YouTube users last week got a nasty surprise when the Google-owned video sharing site was hit by some 5,000 porn videos from Japanese bulletin board 4Chan.

According to a BBC report, one 4Chan member said that the attack had been planned because of YouTube's stance on music. Flonty, said "I did it because YouTube keeps deleting music. It was part of a 4Chan raid."

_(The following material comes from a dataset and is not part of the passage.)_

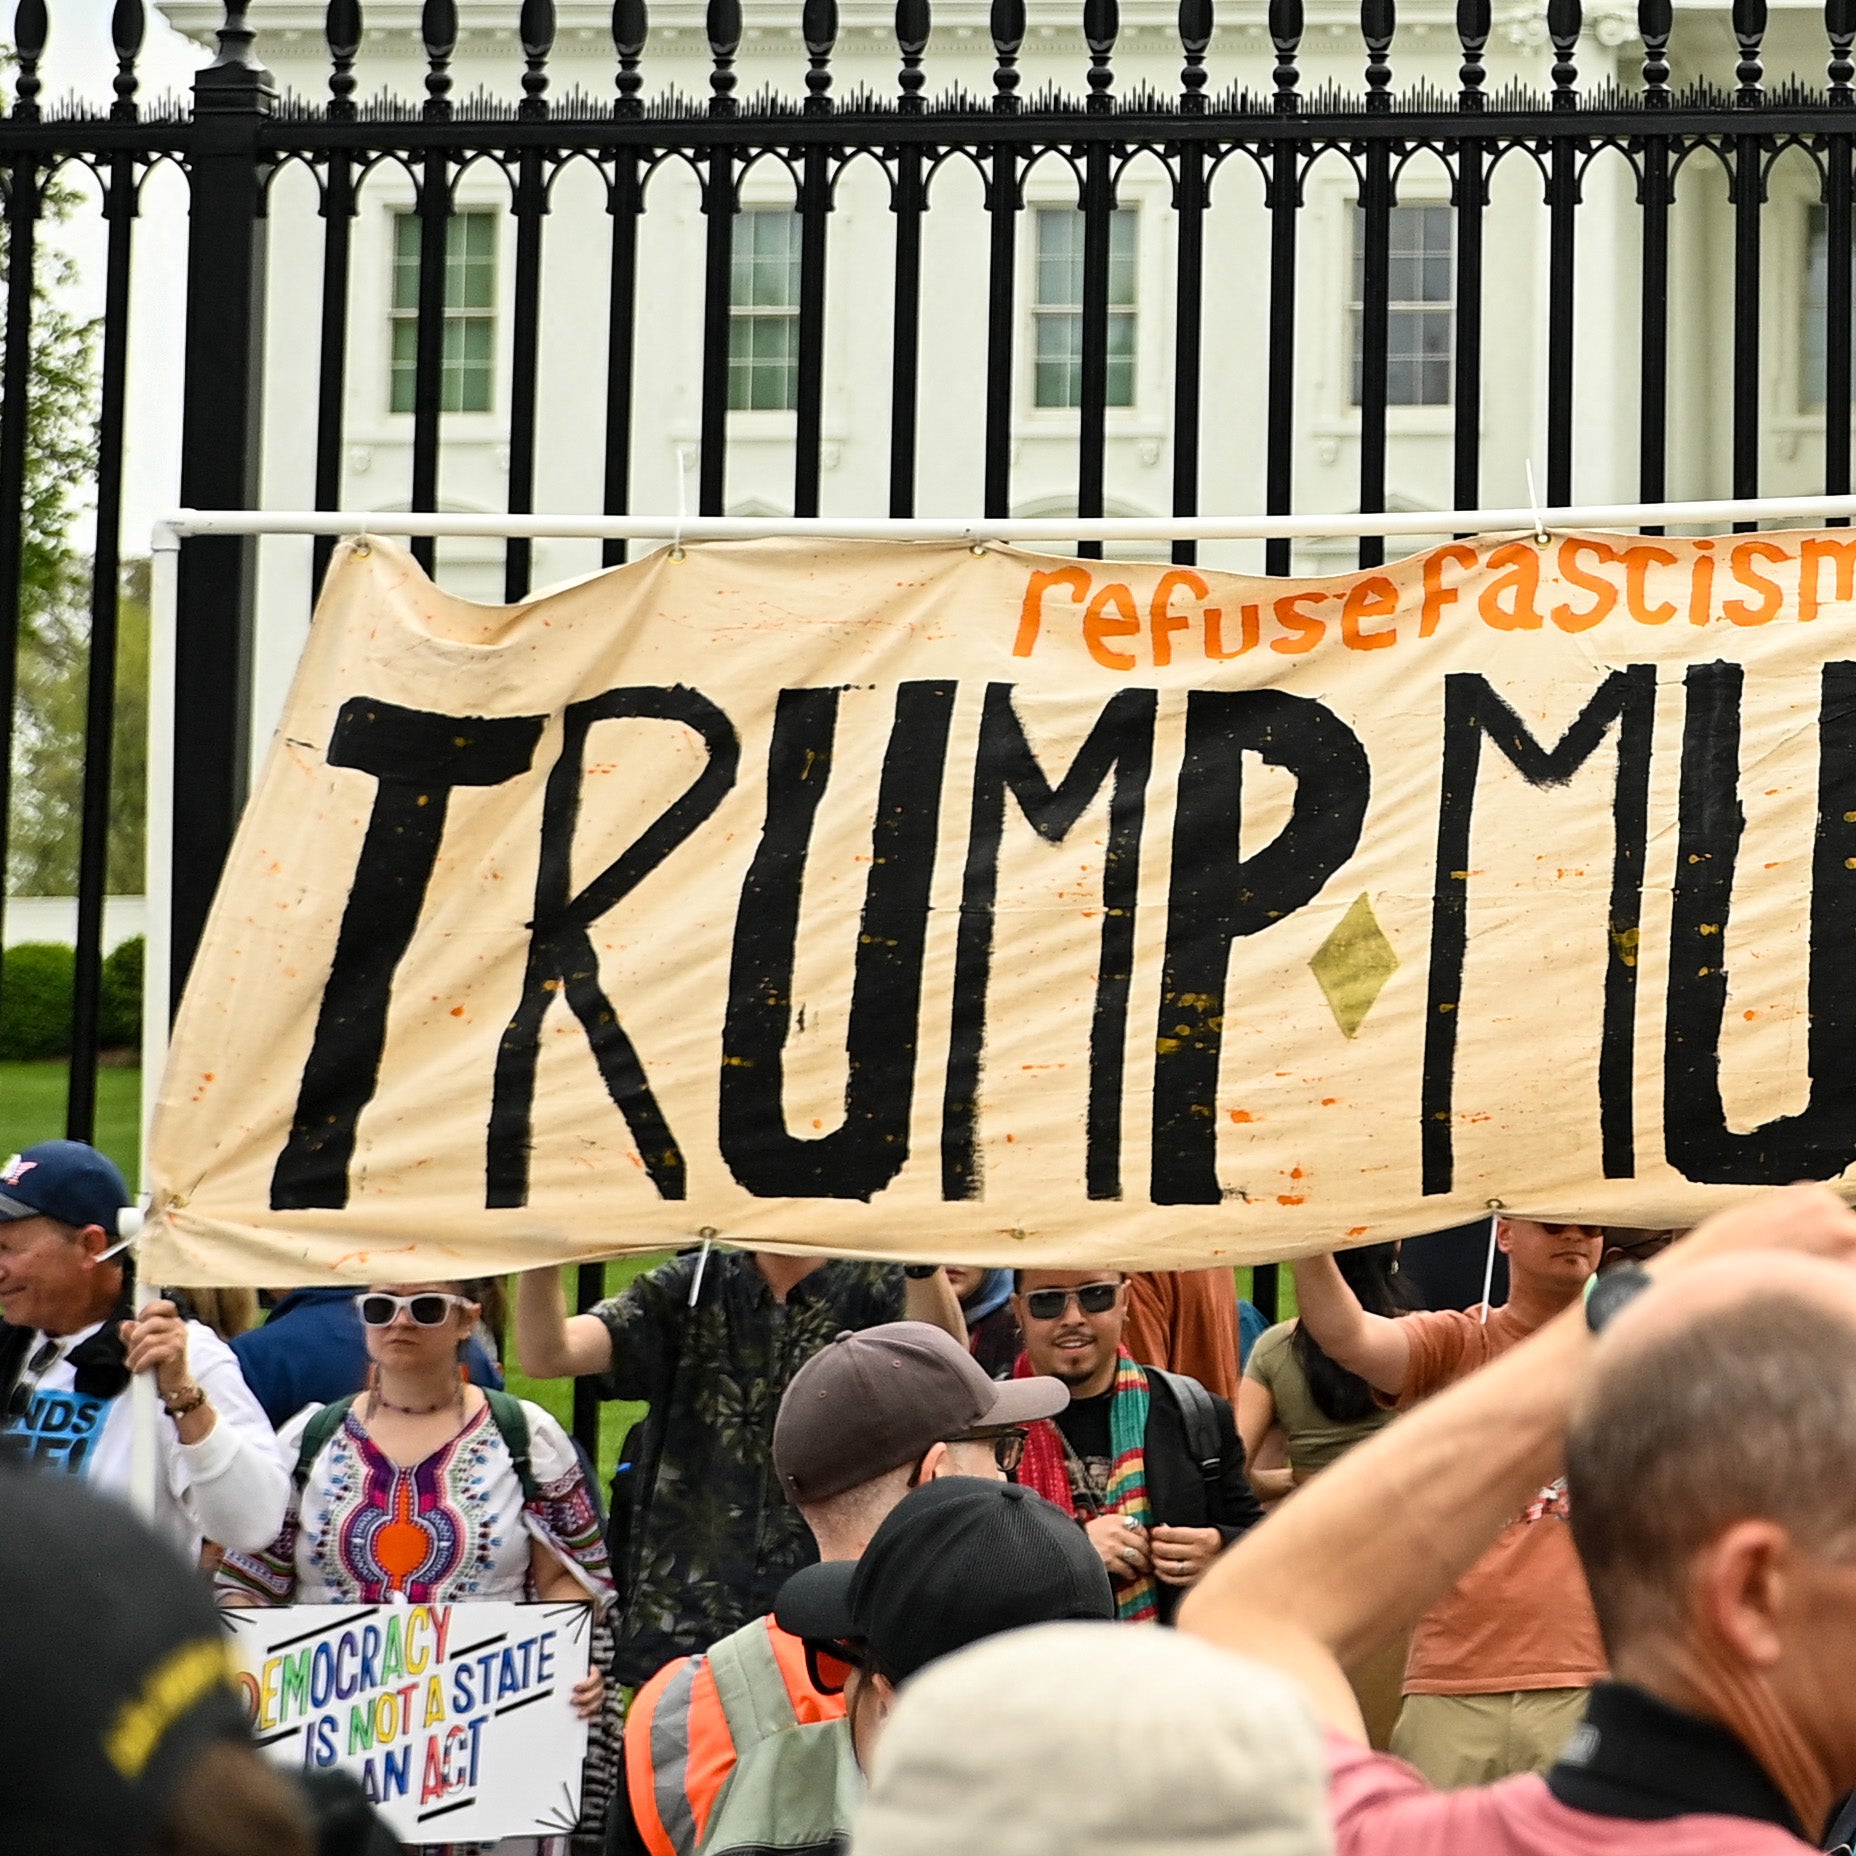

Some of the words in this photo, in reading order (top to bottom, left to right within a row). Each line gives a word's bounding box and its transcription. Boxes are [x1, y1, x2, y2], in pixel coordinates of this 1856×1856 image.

However, according to Panda Security, there was a financial advantage too. The company said there were 4,900 offending videos on YouTube each containing links to a web pages designed to download malware. The comments suggest that that the users are being taken to a legal web page, albeit with pornographic content. In fact, when users click the link they're taken to a page that spoofs the original and which is really designed to download malware.

This malware, when run on a computer, pretends to scan the system, supposedly detecting dozens of (non-existent) viruses and offers users the chance to buy the paid version of the antivirus to clean their computers.

"The technique of using malicious comments on YouTube is not new in itself. What is alarming however, is the quantity of links we have detected pointing to the same web page. This suggests that cyber-criminals are using automated tools to publish these comments", explains Luis Corrons, technical director of PandaLabs.

Whatever the reason, Google has acted quickly and removed the offending material - although the company has warned that one or two might be left behind. The company has said that 20 hours of video are added to the site every minute so it's got its work cut out keeping tabs on all of the offending material.